◆ Dataset:
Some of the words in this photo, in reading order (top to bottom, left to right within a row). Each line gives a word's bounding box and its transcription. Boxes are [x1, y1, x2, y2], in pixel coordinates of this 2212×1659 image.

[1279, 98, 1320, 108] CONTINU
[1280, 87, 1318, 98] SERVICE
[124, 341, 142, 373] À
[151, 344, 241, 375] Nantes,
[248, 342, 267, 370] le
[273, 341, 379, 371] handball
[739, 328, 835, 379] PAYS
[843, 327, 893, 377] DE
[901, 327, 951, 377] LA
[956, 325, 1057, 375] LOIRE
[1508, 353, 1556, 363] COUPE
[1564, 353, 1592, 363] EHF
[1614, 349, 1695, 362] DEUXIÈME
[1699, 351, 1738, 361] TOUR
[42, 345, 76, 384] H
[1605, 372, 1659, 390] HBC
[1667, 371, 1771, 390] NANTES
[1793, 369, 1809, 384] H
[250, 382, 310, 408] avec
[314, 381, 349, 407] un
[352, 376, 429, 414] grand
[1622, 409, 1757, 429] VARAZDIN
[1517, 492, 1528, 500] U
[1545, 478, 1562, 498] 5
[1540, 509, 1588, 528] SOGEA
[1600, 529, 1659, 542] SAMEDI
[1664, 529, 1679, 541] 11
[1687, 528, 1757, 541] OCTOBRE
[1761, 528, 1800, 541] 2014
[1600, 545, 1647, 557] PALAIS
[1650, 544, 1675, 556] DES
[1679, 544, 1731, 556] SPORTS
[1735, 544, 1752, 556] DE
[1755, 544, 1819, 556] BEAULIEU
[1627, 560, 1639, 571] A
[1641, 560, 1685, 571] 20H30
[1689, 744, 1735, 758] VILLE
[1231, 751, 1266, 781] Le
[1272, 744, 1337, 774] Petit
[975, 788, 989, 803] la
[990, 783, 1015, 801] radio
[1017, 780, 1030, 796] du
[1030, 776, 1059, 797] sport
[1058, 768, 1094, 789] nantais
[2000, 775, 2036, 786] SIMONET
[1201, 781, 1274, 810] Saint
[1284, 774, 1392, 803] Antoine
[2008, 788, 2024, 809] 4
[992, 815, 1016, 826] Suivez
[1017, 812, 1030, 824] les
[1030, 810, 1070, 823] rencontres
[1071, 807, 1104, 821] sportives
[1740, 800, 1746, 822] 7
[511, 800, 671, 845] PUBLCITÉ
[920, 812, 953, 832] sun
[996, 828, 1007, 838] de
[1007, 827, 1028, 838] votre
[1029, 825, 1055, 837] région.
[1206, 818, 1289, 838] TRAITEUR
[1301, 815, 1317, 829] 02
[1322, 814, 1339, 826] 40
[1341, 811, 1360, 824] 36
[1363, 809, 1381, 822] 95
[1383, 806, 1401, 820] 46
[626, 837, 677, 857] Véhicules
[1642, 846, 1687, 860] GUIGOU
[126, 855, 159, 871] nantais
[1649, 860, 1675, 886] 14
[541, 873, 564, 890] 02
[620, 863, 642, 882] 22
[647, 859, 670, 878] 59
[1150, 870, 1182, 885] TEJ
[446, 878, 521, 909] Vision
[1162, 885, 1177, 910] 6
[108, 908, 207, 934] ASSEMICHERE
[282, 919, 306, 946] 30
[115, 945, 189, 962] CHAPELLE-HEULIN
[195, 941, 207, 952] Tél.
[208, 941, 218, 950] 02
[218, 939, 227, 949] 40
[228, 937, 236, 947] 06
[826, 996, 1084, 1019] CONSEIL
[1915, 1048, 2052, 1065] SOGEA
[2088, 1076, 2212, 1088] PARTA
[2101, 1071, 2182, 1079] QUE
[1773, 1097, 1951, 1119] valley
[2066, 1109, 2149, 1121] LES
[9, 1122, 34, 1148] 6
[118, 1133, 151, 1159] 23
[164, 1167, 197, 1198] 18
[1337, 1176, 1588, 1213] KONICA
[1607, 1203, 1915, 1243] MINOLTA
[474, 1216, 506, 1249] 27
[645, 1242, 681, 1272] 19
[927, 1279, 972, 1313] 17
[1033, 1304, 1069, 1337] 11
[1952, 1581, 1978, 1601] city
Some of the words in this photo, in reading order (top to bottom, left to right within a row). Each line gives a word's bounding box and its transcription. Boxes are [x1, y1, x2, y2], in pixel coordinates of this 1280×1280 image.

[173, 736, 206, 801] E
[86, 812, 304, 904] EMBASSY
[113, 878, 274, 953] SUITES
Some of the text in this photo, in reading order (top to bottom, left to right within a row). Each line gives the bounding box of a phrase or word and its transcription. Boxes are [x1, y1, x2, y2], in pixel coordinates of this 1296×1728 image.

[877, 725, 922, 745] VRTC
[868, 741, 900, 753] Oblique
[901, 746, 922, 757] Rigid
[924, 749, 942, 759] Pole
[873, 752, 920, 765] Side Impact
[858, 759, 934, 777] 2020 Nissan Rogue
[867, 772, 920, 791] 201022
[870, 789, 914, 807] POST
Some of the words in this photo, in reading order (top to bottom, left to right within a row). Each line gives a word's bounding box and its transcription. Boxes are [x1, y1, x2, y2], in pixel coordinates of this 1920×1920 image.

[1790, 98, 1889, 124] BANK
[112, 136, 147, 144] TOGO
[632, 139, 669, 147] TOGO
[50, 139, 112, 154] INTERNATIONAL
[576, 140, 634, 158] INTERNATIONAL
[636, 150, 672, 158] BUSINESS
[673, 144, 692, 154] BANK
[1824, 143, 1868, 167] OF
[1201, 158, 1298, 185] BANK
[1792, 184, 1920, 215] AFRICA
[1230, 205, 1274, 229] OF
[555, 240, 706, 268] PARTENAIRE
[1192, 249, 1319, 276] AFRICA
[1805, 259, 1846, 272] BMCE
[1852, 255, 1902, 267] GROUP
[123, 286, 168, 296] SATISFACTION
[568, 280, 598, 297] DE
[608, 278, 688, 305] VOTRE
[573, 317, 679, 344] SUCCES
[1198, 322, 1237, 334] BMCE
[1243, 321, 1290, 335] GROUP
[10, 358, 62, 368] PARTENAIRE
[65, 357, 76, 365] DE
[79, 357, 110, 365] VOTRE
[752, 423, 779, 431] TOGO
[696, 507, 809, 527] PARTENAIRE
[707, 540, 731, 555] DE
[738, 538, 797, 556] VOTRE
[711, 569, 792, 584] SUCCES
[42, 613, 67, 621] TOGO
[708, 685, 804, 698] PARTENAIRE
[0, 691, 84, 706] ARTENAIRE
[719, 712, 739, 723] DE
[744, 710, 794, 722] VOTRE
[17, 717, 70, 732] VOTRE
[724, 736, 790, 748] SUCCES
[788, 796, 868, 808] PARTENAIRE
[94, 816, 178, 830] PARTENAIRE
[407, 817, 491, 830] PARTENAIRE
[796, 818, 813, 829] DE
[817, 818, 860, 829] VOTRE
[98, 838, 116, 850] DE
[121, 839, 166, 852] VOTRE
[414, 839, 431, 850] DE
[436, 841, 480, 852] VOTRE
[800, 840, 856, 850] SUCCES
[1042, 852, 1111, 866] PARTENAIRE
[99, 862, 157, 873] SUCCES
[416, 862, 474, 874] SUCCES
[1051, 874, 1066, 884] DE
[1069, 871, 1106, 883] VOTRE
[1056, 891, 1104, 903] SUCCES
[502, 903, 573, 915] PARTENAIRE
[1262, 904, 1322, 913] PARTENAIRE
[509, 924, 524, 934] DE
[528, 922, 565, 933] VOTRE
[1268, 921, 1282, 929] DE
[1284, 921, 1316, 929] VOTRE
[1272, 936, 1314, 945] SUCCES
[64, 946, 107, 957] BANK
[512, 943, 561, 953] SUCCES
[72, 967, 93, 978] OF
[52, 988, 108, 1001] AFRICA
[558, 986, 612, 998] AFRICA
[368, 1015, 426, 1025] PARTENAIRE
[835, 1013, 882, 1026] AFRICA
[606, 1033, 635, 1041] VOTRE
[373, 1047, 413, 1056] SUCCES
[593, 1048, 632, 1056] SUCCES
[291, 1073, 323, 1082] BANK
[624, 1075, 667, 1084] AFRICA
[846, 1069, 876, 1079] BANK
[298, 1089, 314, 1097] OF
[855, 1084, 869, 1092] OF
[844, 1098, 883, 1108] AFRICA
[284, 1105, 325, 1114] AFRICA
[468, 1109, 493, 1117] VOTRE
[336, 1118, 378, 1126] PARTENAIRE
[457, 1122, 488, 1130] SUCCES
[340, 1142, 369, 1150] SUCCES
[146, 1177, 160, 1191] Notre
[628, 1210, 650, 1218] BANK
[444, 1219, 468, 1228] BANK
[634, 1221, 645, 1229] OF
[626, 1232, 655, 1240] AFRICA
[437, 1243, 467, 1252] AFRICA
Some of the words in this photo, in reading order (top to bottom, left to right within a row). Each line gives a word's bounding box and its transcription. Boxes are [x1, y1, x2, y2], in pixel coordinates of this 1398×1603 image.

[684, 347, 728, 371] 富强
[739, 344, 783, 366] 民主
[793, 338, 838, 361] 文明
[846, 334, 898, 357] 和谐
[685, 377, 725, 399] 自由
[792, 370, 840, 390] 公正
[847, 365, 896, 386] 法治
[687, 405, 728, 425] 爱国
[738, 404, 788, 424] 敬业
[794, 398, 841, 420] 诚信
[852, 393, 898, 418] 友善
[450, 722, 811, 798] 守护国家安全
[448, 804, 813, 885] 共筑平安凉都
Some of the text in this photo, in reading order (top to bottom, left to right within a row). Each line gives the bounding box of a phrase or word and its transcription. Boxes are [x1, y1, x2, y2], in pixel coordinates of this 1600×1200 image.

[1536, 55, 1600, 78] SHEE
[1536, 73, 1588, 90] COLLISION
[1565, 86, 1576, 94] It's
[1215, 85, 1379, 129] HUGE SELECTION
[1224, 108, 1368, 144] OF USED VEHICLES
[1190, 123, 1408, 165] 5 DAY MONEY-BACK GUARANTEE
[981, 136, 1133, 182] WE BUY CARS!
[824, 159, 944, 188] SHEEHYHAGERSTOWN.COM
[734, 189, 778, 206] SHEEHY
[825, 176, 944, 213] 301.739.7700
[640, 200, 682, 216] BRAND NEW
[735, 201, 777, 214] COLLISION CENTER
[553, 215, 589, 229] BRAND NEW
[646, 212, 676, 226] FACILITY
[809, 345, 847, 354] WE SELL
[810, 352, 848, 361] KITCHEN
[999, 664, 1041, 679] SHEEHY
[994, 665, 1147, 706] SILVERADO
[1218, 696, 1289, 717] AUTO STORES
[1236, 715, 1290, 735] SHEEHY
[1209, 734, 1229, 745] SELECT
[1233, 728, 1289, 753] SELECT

◆ What to work on: For the entries above, transcribe precisely the lines from the one with "this 1398×1603 image." through the end, including both.

◆ Answer to this problem:
Some of the words in this photo, in reading order (top to bottom, left to right within a row). Each line gives a word's bounding box and its transcription. Boxes are [x1, y1, x2, y2], in pixel coordinates of this 1398×1603 image.

[684, 347, 728, 371] 富强
[739, 344, 783, 366] 民主
[793, 338, 838, 361] 文明
[846, 334, 898, 357] 和谐
[685, 377, 725, 399] 自由
[792, 370, 840, 390] 公正
[847, 365, 896, 386] 法治
[687, 405, 728, 425] 爱国
[738, 404, 788, 424] 敬业
[794, 398, 841, 420] 诚信
[852, 393, 898, 418] 友善
[450, 722, 811, 798] 守护国家安全
[448, 804, 813, 885] 共筑平安凉都
Some of the text in this photo, in reading order (top to bottom, left to right within a row). Each line gives the bounding box of a phrase or word and its transcription. Boxes are [x1, y1, x2, y2], in pixel coordinates of this 1600×1200 image.

[1536, 55, 1600, 78] SHEE
[1536, 73, 1588, 90] COLLISION
[1565, 86, 1576, 94] It's
[1215, 85, 1379, 129] HUGE SELECTION
[1224, 108, 1368, 144] OF USED VEHICLES
[1190, 123, 1408, 165] 5 DAY MONEY-BACK GUARANTEE
[981, 136, 1133, 182] WE BUY CARS!
[824, 159, 944, 188] SHEEHYHAGERSTOWN.COM
[734, 189, 778, 206] SHEEHY
[825, 176, 944, 213] 301.739.7700
[640, 200, 682, 216] BRAND NEW
[735, 201, 777, 214] COLLISION CENTER
[553, 215, 589, 229] BRAND NEW
[646, 212, 676, 226] FACILITY
[809, 345, 847, 354] WE SELL
[810, 352, 848, 361] KITCHEN
[999, 664, 1041, 679] SHEEHY
[994, 665, 1147, 706] SILVERADO
[1218, 696, 1289, 717] AUTO STORES
[1236, 715, 1290, 735] SHEEHY
[1209, 734, 1229, 745] SELECT
[1233, 728, 1289, 753] SELECT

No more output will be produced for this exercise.